**WHAT TO WORK ON:** Omitting the pictures, restate all of the entries below exactly.

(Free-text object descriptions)

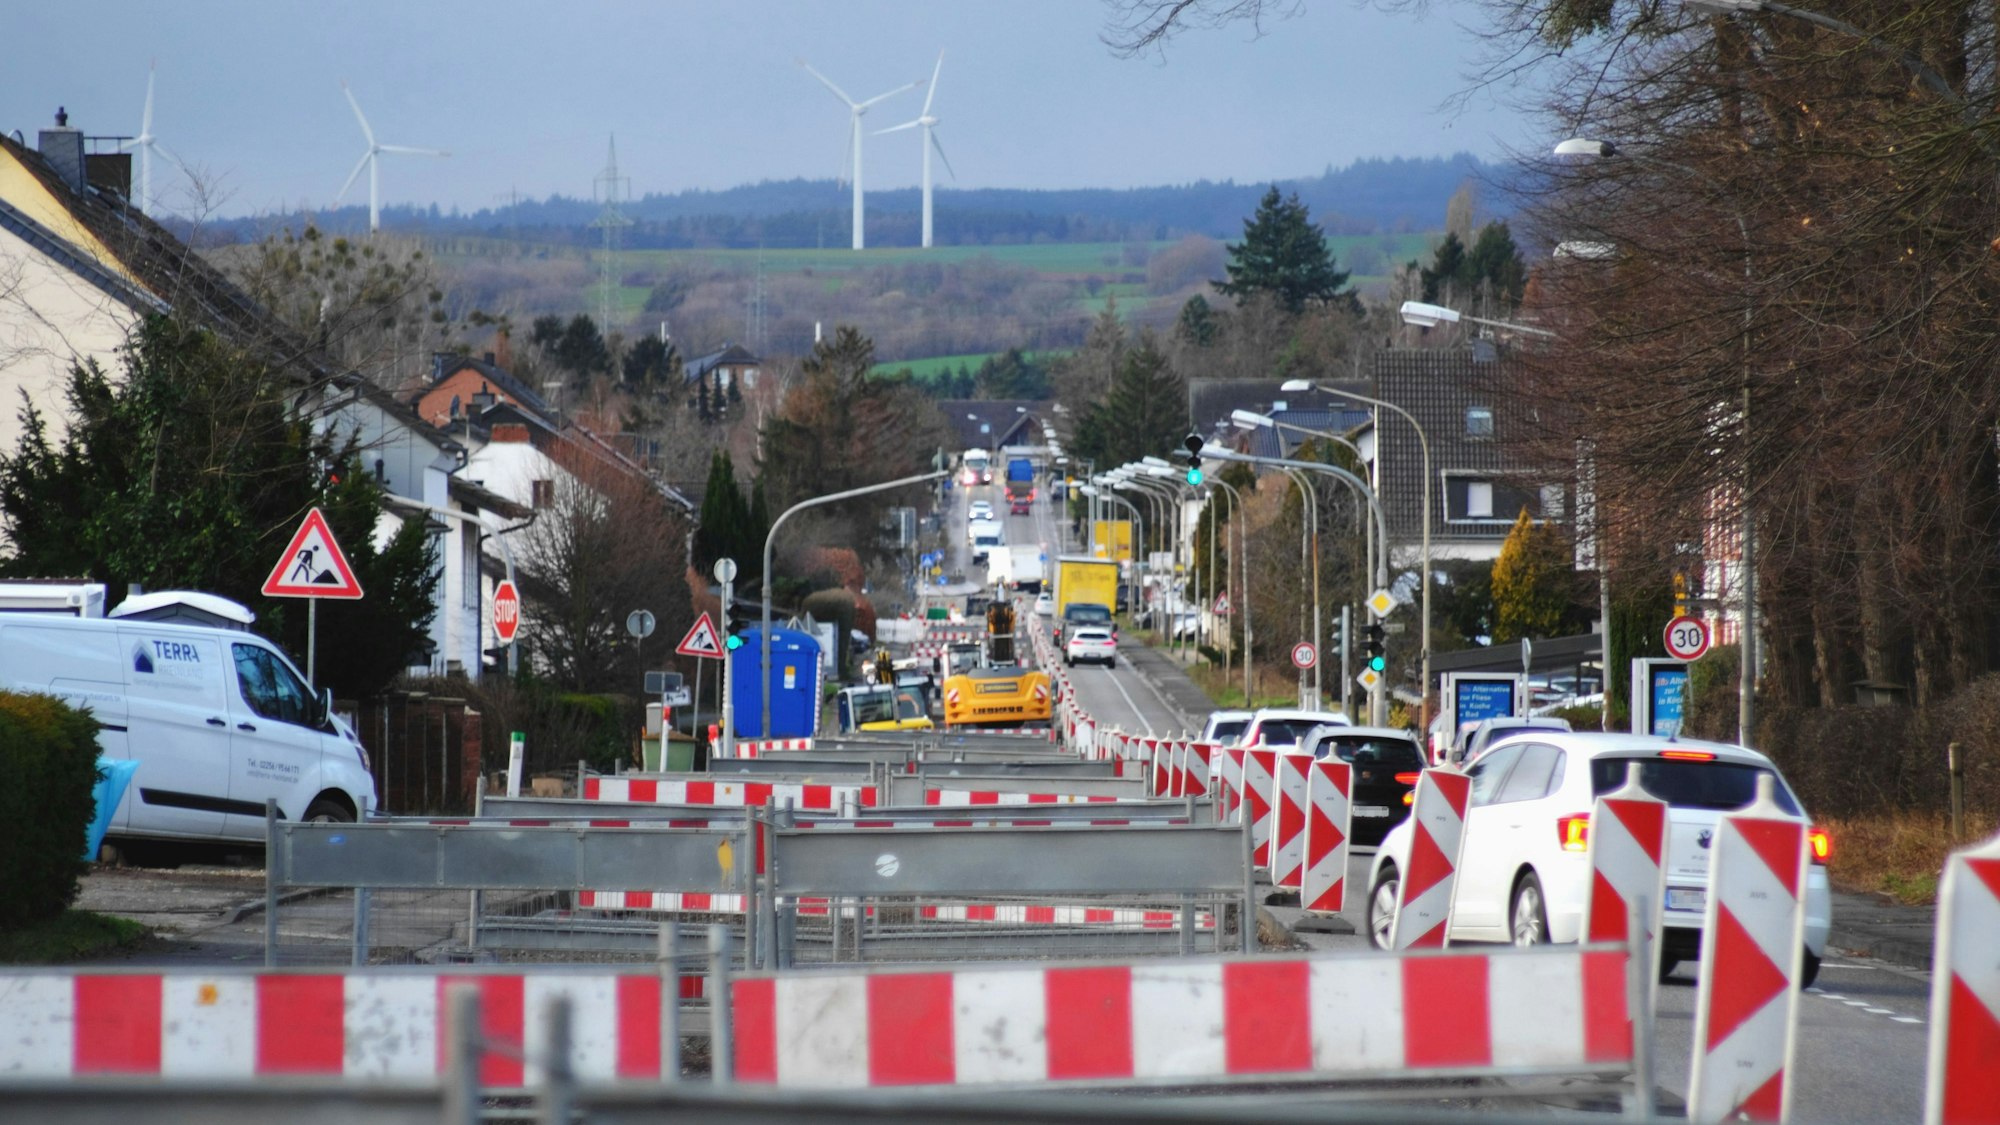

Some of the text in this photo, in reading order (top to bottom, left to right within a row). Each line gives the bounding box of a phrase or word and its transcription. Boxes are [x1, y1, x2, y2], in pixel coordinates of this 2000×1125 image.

[495, 600, 516, 623] STOP
[1674, 628, 1700, 648] 30
[152, 640, 200, 663] TERRA
[1297, 650, 1311, 661] 30
[1472, 685, 1511, 693] Alternative
[1465, 710, 1479, 718] Bad
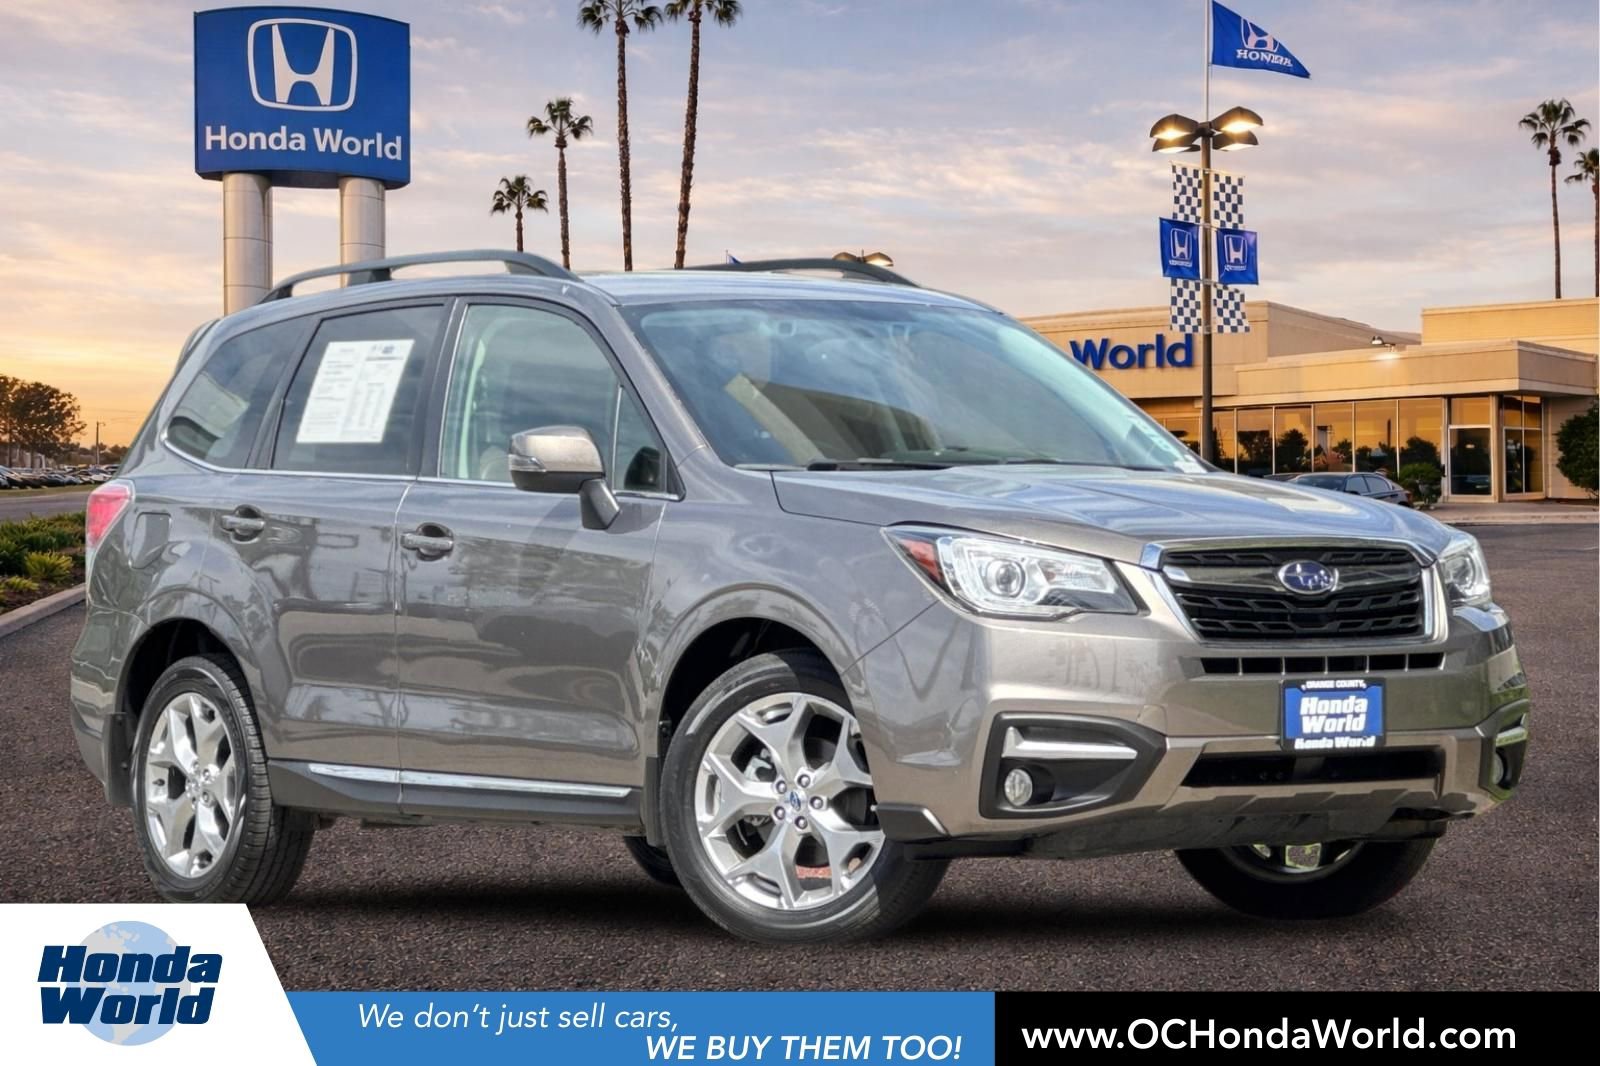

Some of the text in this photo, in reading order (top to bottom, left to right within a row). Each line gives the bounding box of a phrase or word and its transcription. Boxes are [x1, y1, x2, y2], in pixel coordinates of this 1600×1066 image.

**OUTPUT FOR THIS TASK:**
Some of the text in this photo, in reading order (top to bottom, left to right within a row). Each line gives the bounding box of a phrase or word and its transcription. Boxes are [x1, y1, x2, y2], in pixel coordinates of this 2000×1125 image.

[495, 600, 516, 623] STOP
[1674, 628, 1700, 648] 30
[152, 640, 200, 663] TERRA
[1297, 650, 1311, 661] 30
[1472, 685, 1511, 693] Alternative
[1465, 710, 1479, 718] Bad

Some of the text in this photo, in reading order (top to bottom, left to right within a row). Each line gives the bounding box of a phrase or word and its transcription. Boxes are [x1, y1, x2, y2], in pixel coordinates of this 1600×1066 image.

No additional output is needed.